HC concerned over lack of medical infra for critical care patients in govt hospitals

The Delhi High Court on Monday voiced concern over lack of medical infrastructure for critical care patients in government hospitals here and asked the city government whether funds meant for hospitals were being transferred to some other projects.

The high court asked the Delhi government to file a status report giving details of the amount it has spent on strengthening the health sector in the last five years.

A bench of Acting Chief Justice Manmohan and Justice Manmeet PS Arora was informed about an incident on the intervening night of January 2-3 when a man who jumped out of a moving Police Control Room (PCR) van died after being denied treatment by four government hospitals.

The bench, which was hearing a PIL it had initiated on its own in 2017 about non-availability of ICU beds and ventilators in government hospitals here, was told by advocate Ashok Aggarwal, who has been asked to assist the court as amicus curiae in the matter, that the man was denied treatment by three Delhi government and one central government hospital on different pretexts including non-availability of ICU/ ventilator bed or CT scan.

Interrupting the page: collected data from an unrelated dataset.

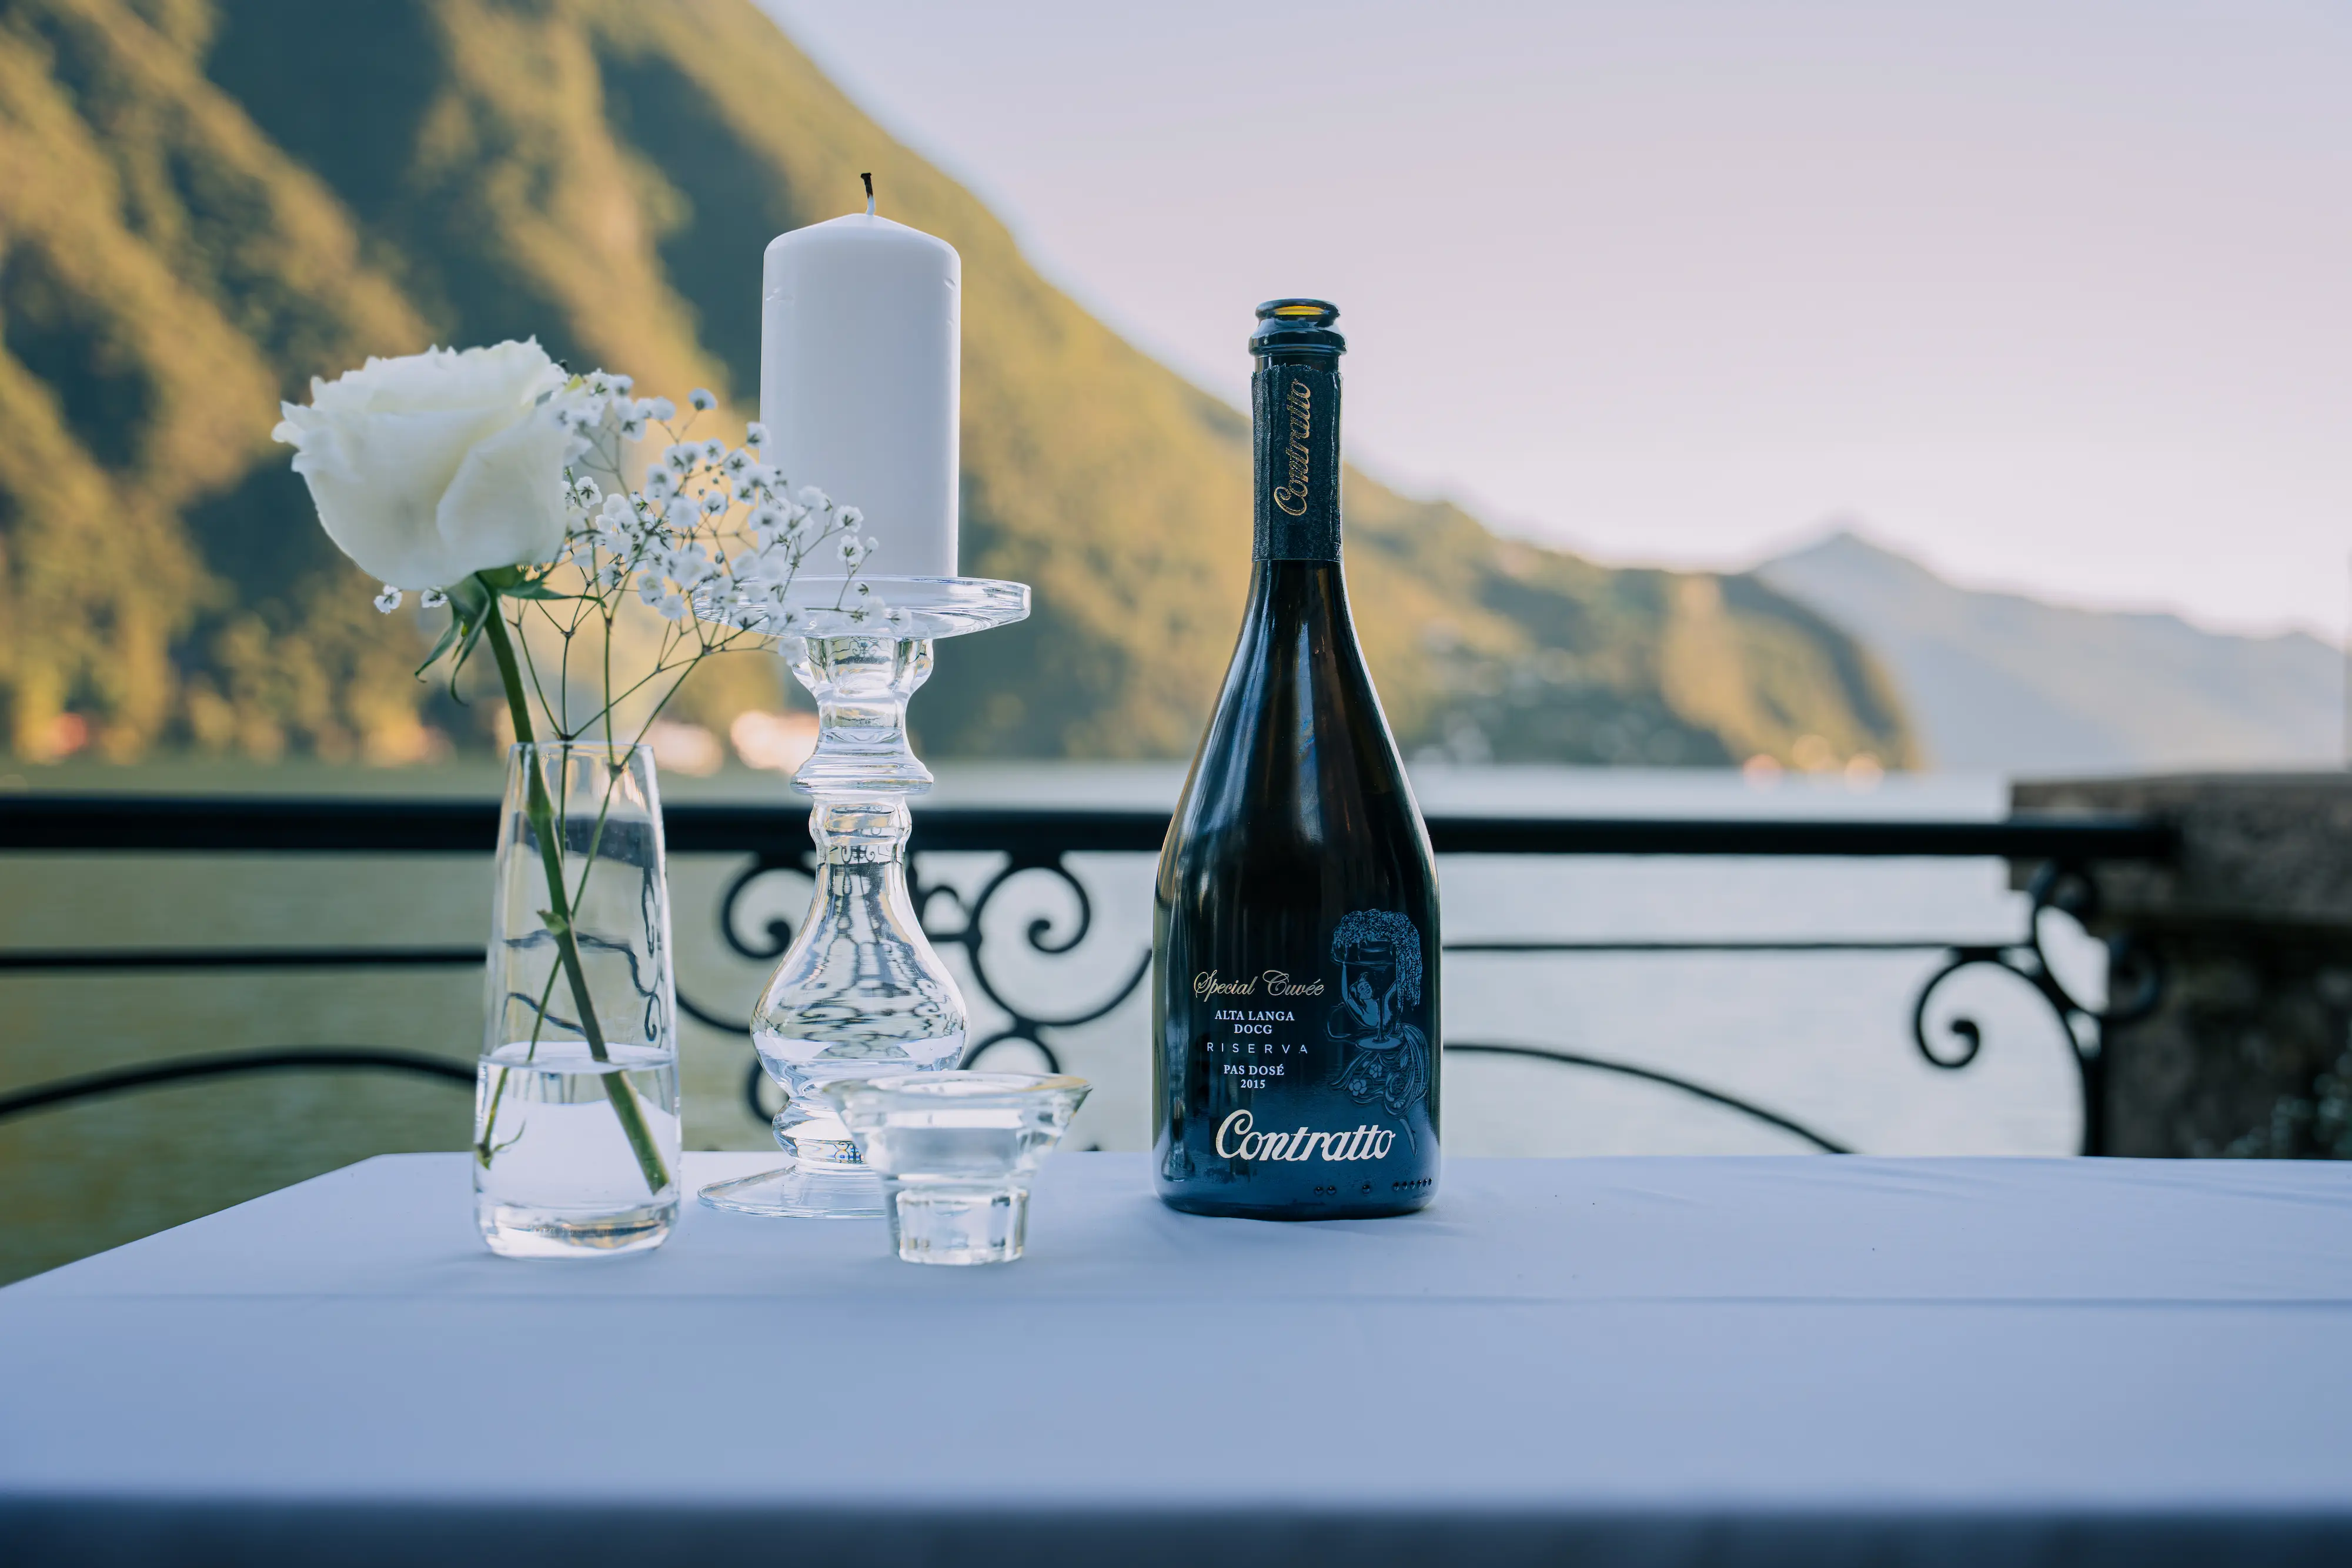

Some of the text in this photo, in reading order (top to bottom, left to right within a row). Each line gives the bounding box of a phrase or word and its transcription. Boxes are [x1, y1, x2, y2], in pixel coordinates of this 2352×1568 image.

[1274, 379, 1311, 516] Contratto
[1194, 970, 1324, 1002] Special Cuvée
[1214, 1010, 1295, 1021] ALTA LANGA
[1234, 1024, 1272, 1035] DOCG
[1207, 1042, 1308, 1054] RISERVA
[1223, 1064, 1284, 1075] PAS DOSÉ
[1240, 1079, 1265, 1089] 2015
[1215, 1109, 1396, 1161] Contratto

He was taken to the Delhi government-run Jag Pravesh Chandra Hospital, Guru Teg Bahadur Hospital and Lok Nayak Hospital and Centre’s Ram Manohar Lohia Hospital.

The bench questioned the Delhi government counsel why accident victims were not getting admission in hospitals and how it could be that no ventilator beds were available in all these hospitals.

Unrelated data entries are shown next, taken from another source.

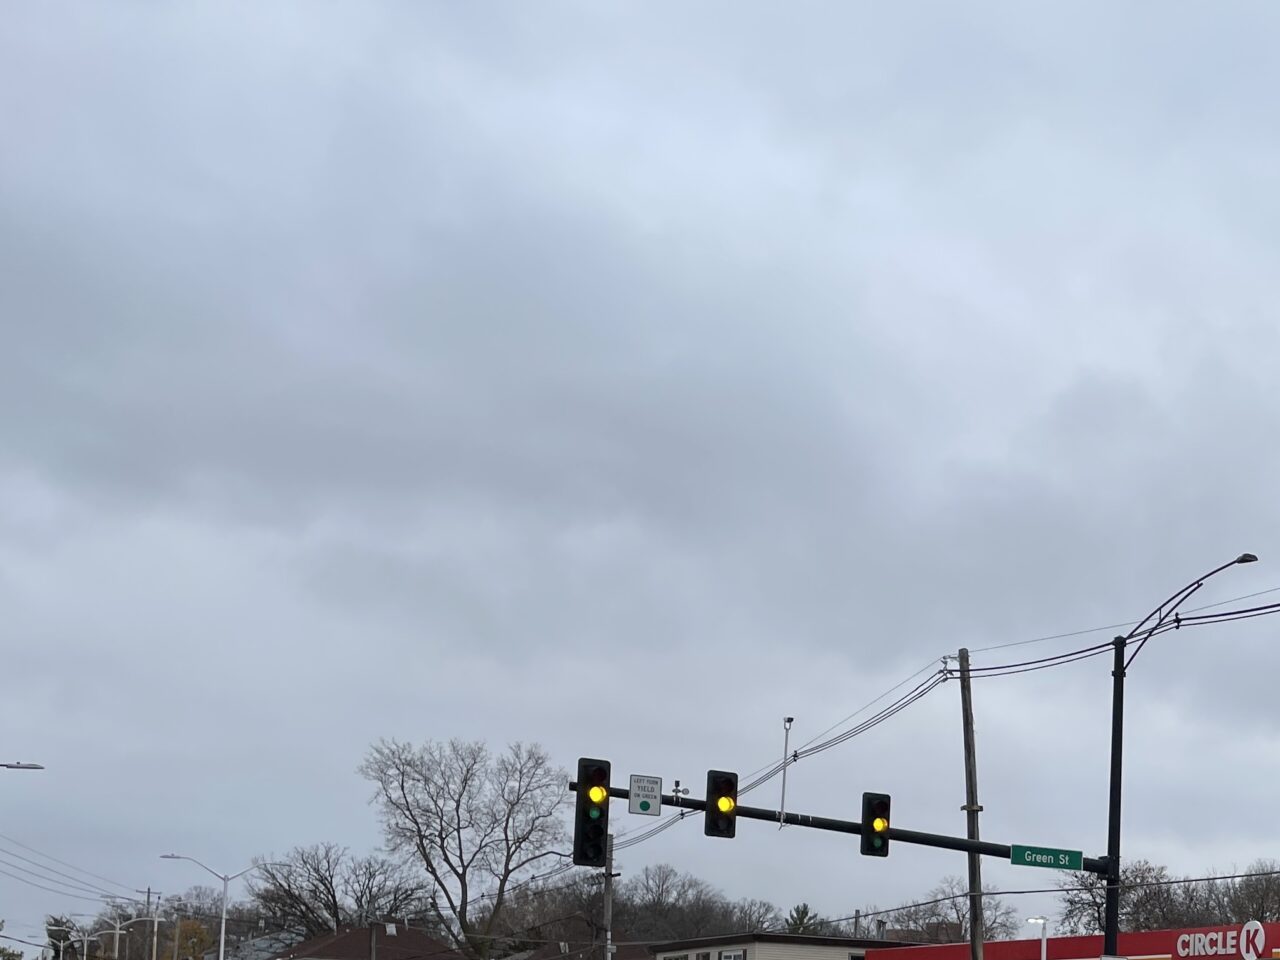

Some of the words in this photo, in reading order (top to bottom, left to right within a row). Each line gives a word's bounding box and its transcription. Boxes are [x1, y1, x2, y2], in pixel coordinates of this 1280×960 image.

[637, 785, 655, 793] YIELD
[1024, 850, 1054, 864] Green
[1059, 854, 1070, 866] St
[1176, 930, 1238, 957] CIRCLE
[1243, 924, 1263, 960] K

“Where are things going wrong? Is proper infrastructure not there? Why are beds not available, what has happened in recent years? Just imagine, in four hospitals a person does not get admission,” Justice Manmohan said, adding the issue was that “infrastructure was not keeping pace with the demand of the growing population of the city”.

The court remarked that earlier the situation in the city was not like this and, in an accident case, admission was immediately granted in the nearest hospital.

The counsel for the central government said augmenting medical facilities was required, and sought time to get details from the authorities on the issue.

“You create a portal but facilities are not available. If a patient is not given a bed in four hospitals, this means there is a shortage of beds overall. You ensure that at least in all districts beds are available at some place for accident victims. Accidents can happen anywhere and at any time,” the bench said.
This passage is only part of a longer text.